Momencik, trwa przetwarzanie danych   loading-animation

#58734

przez (PW) ·
| Do ulubionych
Historia o kominiarzach.

Mieszkam w trzypiętrowym (razem z parterem cztery kondygnacje) bloku z wielkiej płyty zbudowanym w latach 80 ubiegłego wieku. Mieszkam tam na ostatnim piętrze od dwudziestu czterech lat.

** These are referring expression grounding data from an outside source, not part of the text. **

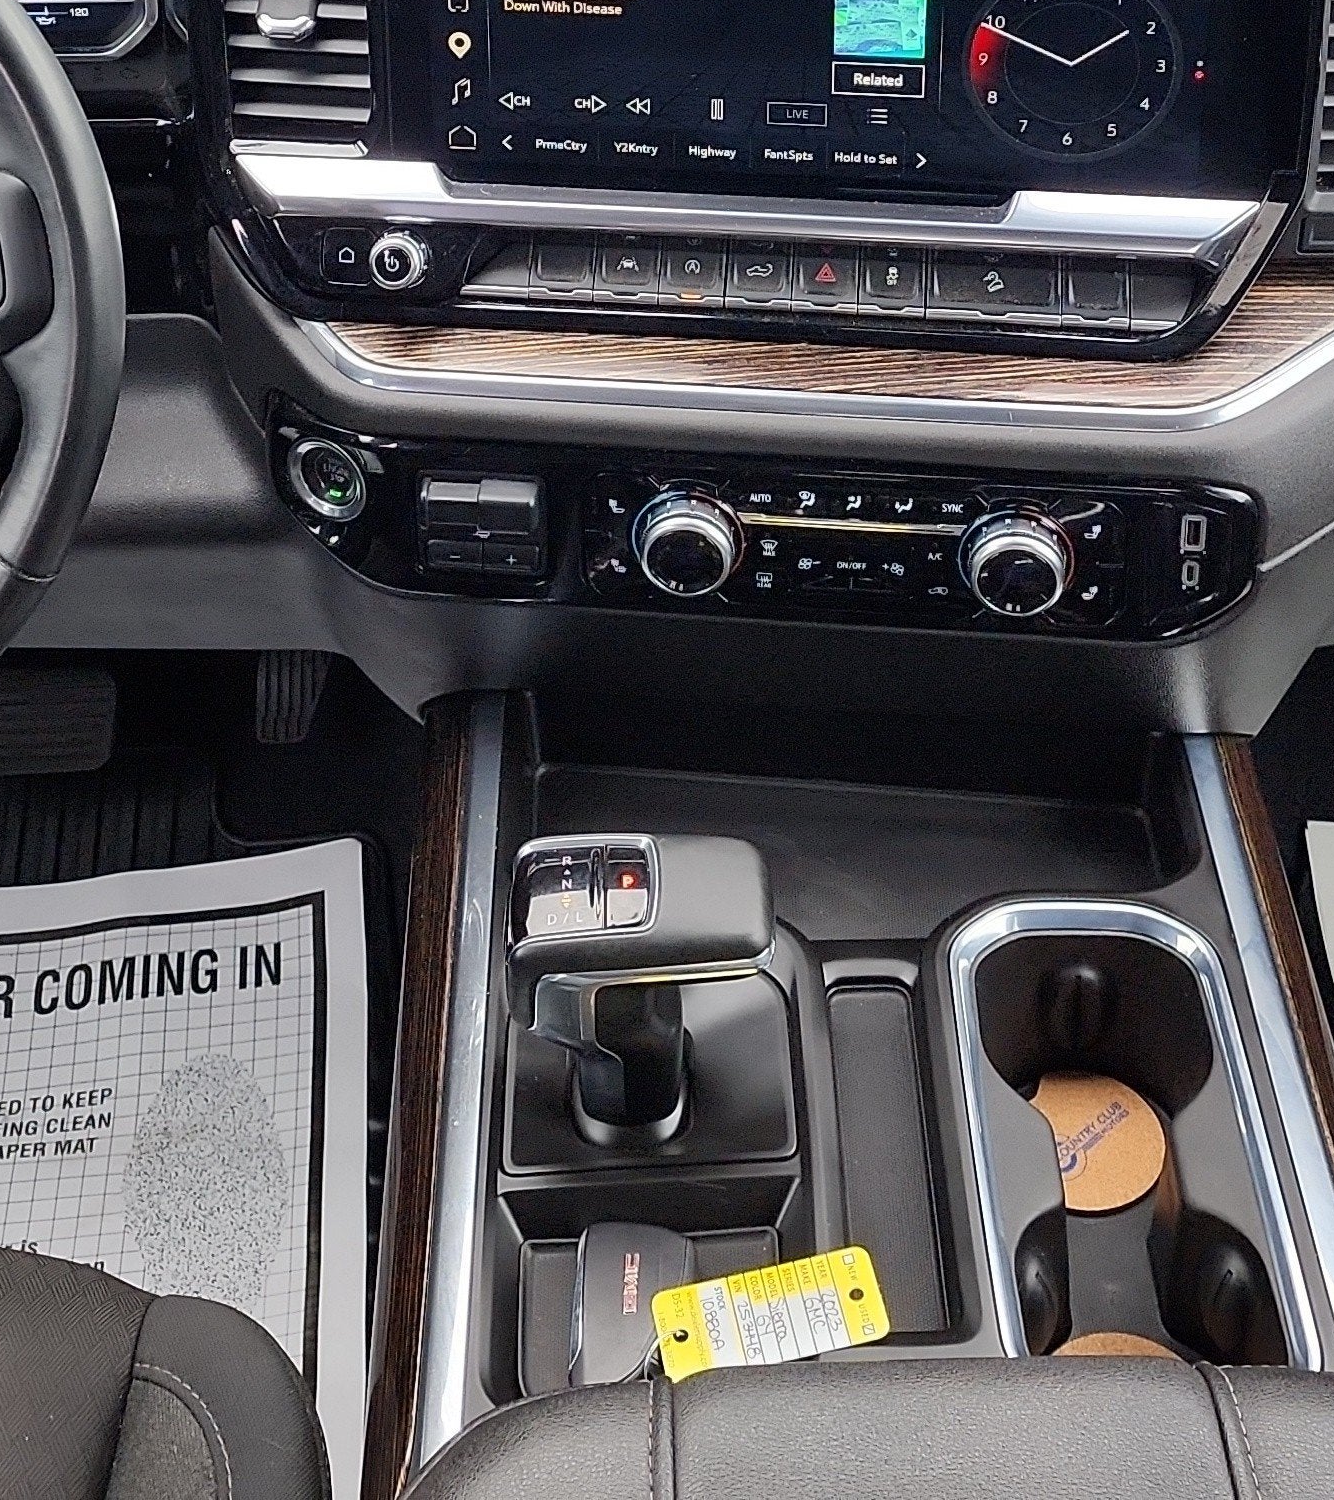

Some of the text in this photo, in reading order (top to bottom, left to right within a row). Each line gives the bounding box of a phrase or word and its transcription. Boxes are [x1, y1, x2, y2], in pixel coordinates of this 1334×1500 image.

[542, 0, 571, 13] With
[573, 1, 623, 15] Disease
[985, 14, 1006, 29] 10
[1145, 21, 1156, 35] 2
[978, 52, 989, 66] 9
[1155, 59, 1167, 73] 3
[853, 72, 904, 87] Related
[513, 95, 531, 107] CH
[574, 98, 591, 109] CH
[987, 90, 998, 105] 8
[1139, 96, 1151, 111] 4
[785, 108, 809, 120] LIVE
[1018, 119, 1029, 133] 7
[1106, 123, 1117, 137] 5
[1062, 131, 1073, 146] 6
[613, 141, 659, 157] Y2Kntry
[688, 145, 737, 160] Highway
[764, 148, 814, 163] FantSpts
[834, 151, 898, 165] Hold to Set
[749, 493, 772, 503] AUTO
[941, 503, 965, 514] SYNC
[927, 552, 944, 562] A/C
[562, 856, 572, 866] R
[561, 878, 573, 889] N
[622, 874, 635, 888] P
[547, 912, 583, 926] D L
[34, 948, 218, 1016] COMING
[238, 942, 282, 990] IN
[29, 1095, 55, 1113] TO
[62, 1087, 113, 1109] KEEP
[45, 1112, 112, 1135] CLEAN
[1059, 1101, 1122, 1159] OUNTRY CLUB
[53, 1137, 99, 1156] MAT
[799, 1263, 812, 1285] MAKE
[816, 1259, 828, 1279] YEAR
[846, 1265, 858, 1281] NEW
[623, 1252, 641, 1315] GMC
[733, 1279, 743, 1293] VIN
[749, 1275, 763, 1301] COLOR
[766, 1272, 778, 1298] MODEL
[782, 1268, 796, 1293] SERIES
[713, 1286, 726, 1311] STOCK
[821, 1289, 843, 1332] 2023
[858, 1303, 870, 1324] USED
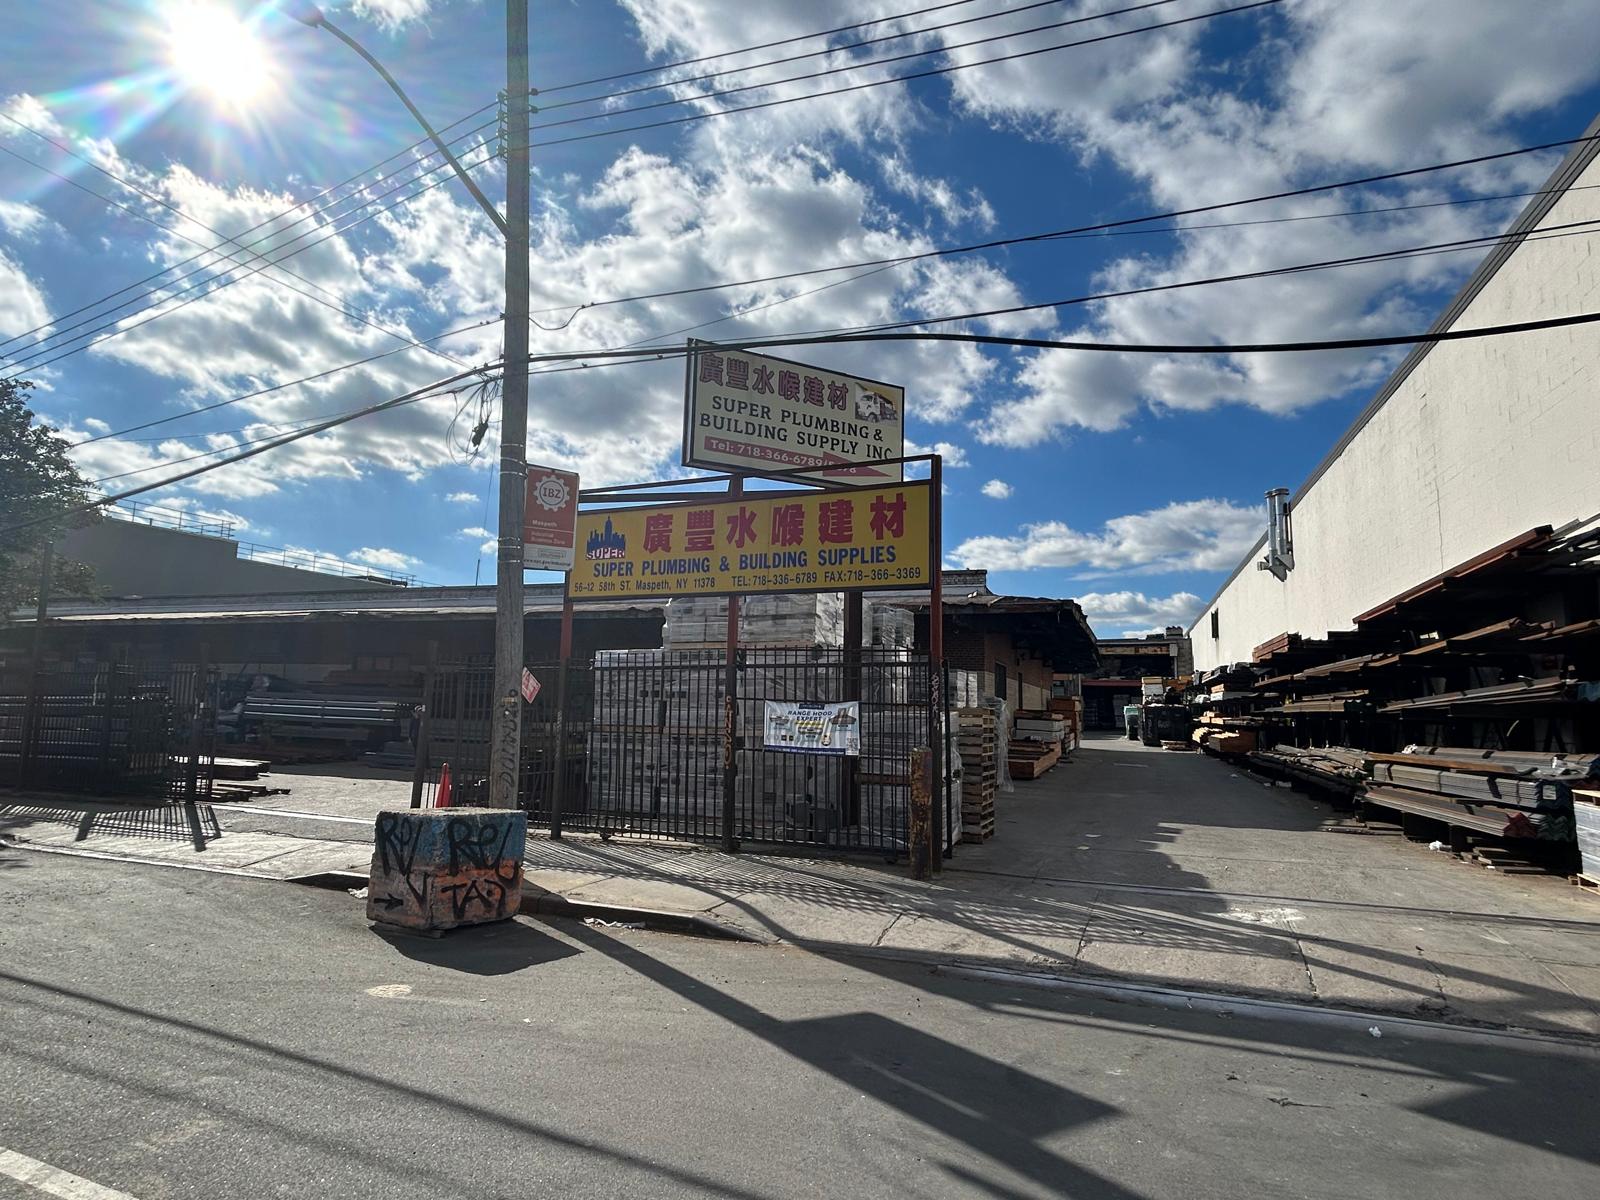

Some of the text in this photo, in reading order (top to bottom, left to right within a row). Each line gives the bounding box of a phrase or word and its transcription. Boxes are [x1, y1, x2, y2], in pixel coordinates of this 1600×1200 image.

[700, 352, 849, 411] 廣豐水喉建材
[700, 413, 788, 442] BUILDING
[797, 431, 858, 455] SUPPLY
[712, 395, 884, 442] SUPER PLUMBING &
[710, 440, 735, 451] Tel:
[543, 488, 561, 499] IBZ
[643, 493, 907, 553] 廣豐水喉建材
[586, 547, 625, 560] SUPER
[593, 561, 634, 577] SUPER
[642, 557, 711, 576] PLUMBING
[719, 555, 730, 572] &
[739, 550, 808, 570] BUILDING
[818, 545, 897, 566] SUPPLIES
[574, 580, 595, 592] 56-12
[599, 580, 616, 592] 58th
[620, 580, 632, 590] ST.
[635, 578, 672, 593] Maspeth,
[676, 578, 688, 589] NY
[824, 567, 921, 583] FAX:718-366-3369

Co roku jakoś tak koło wiosny odbywa się wizyta kominiarzy, którzy za pomocą jakiś tam ichnich przyrządów badają cug w kominach. Za każdym razem informuję ich, że gdy sąsiedzi coś gotują u siebie w kuchni (szczególnie jeden z nich coś smaży na starym zjełczałym tłuszczu i capi na całe moje mieszkanie), to u mnie w kuchni czuć te zapachy. Zaczyna się tłumaczenie Panów kominiarzy, że pewnie wiatr wiał nie w tę stronę co trzeba i zawiało do mojego komina, a to, że może komin za niski i nie ma cugu, tudzież inne historie. Na koniec obiecanki, że oni to sprawdzą i podpisik i do widzenia się z Panem.

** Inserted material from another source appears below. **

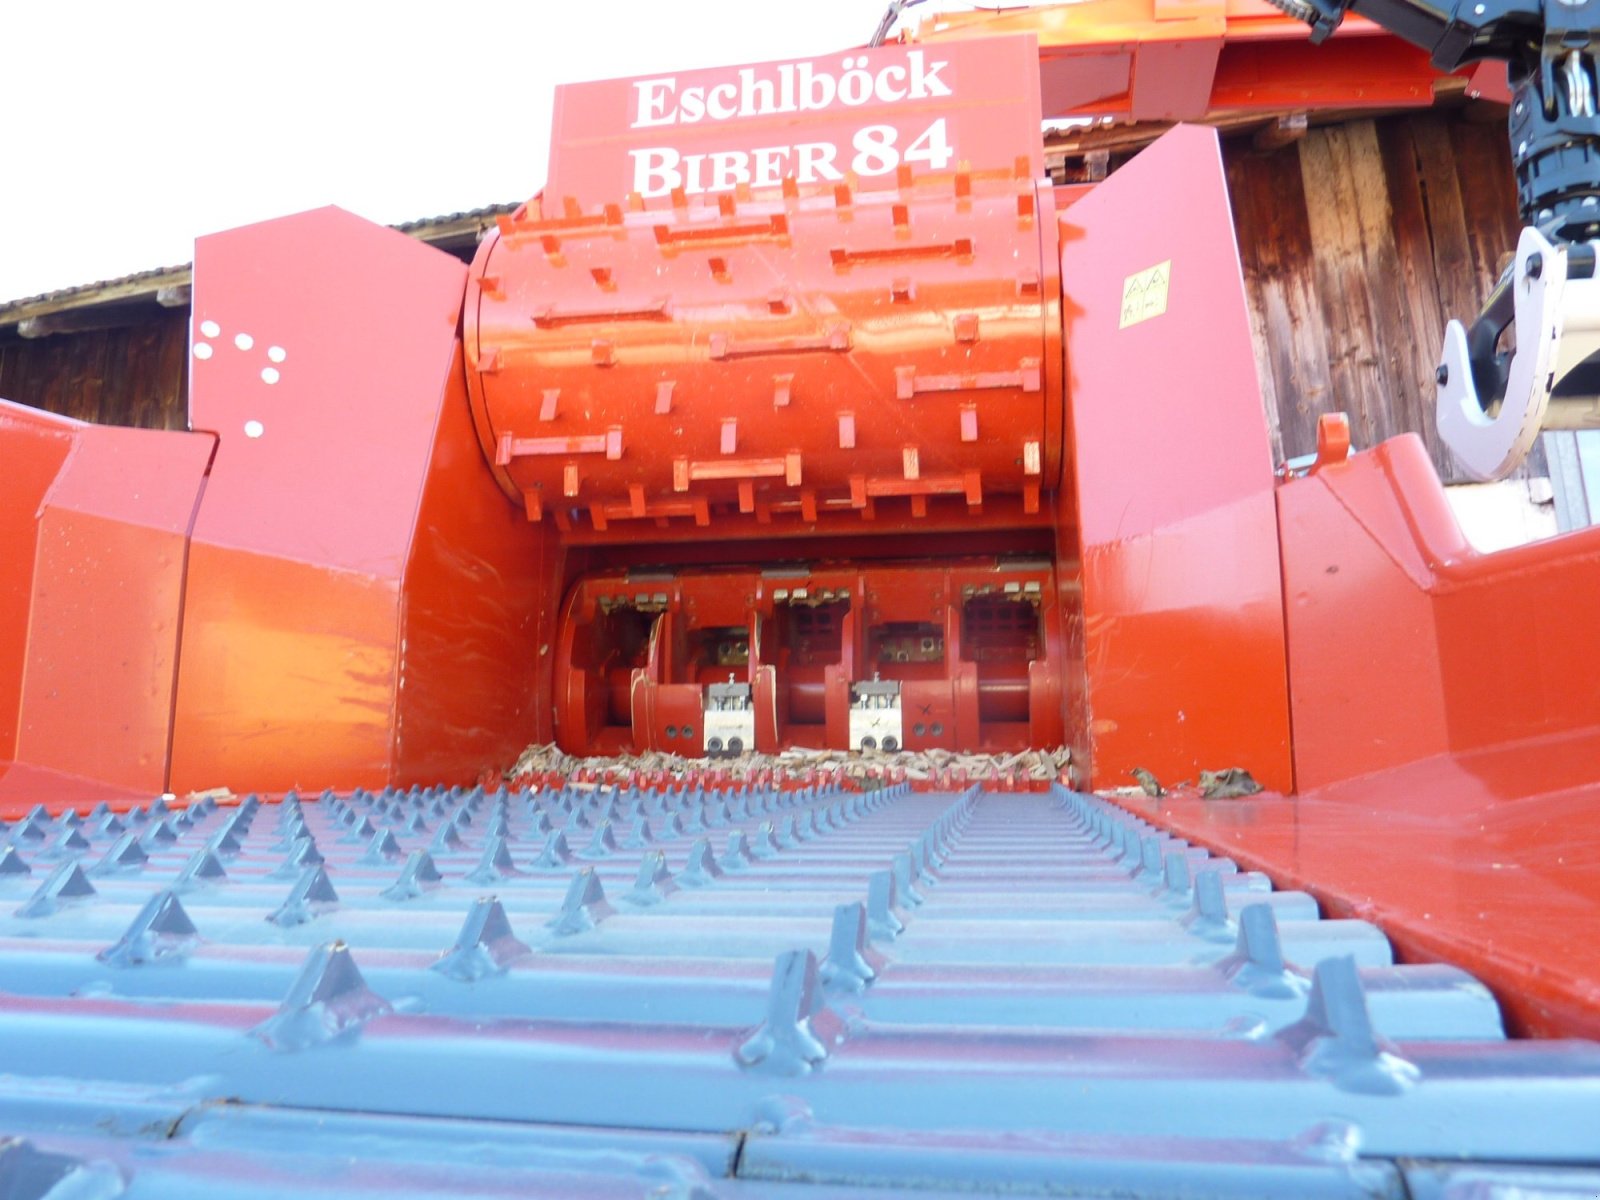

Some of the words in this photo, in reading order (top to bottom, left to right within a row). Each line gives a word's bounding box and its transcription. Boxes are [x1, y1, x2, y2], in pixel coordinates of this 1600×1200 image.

Do następnego roku cisza. Kominiarzy nie zobaczysz aż do jesieni gdzie zjawiają się z kalendarzem od kominiarza i oczywiście co łaska.

Jakoś rok temu zdenerwowałem się i podniosłem temat na zebraniu wspólnoty. Wybuchła dyskusja i okazało się, że inni mieszkańcy ostatnich pięter mają podobne zapachowe
"odczucia". Podjęliśmy decyzję o zbadaniu sprawy. Zlecenie do kominiarzy o zbadanie wszystkich kanałów kominowych w całym bloku.

I tu piekielność.
Okazało się, że wszystkie mieszkania w danym pionie tak w kuchni, łazience i ubikacji (każdy w swoim pionie) idą jednym kanałem, tj. wszystkie mieszkania w pionie podłączone są do tego samego kanału pomimo, że kominy są cztery jak i cztery są kanały.
Zdziwienie Panów kominiarzy było wielkie, bo jeszcze z czymś takim się nie spotkali. Po moich zapewnieniach, że zgłaszałem to każdego roku stwierdzili, że nic o tym nie wiedzą.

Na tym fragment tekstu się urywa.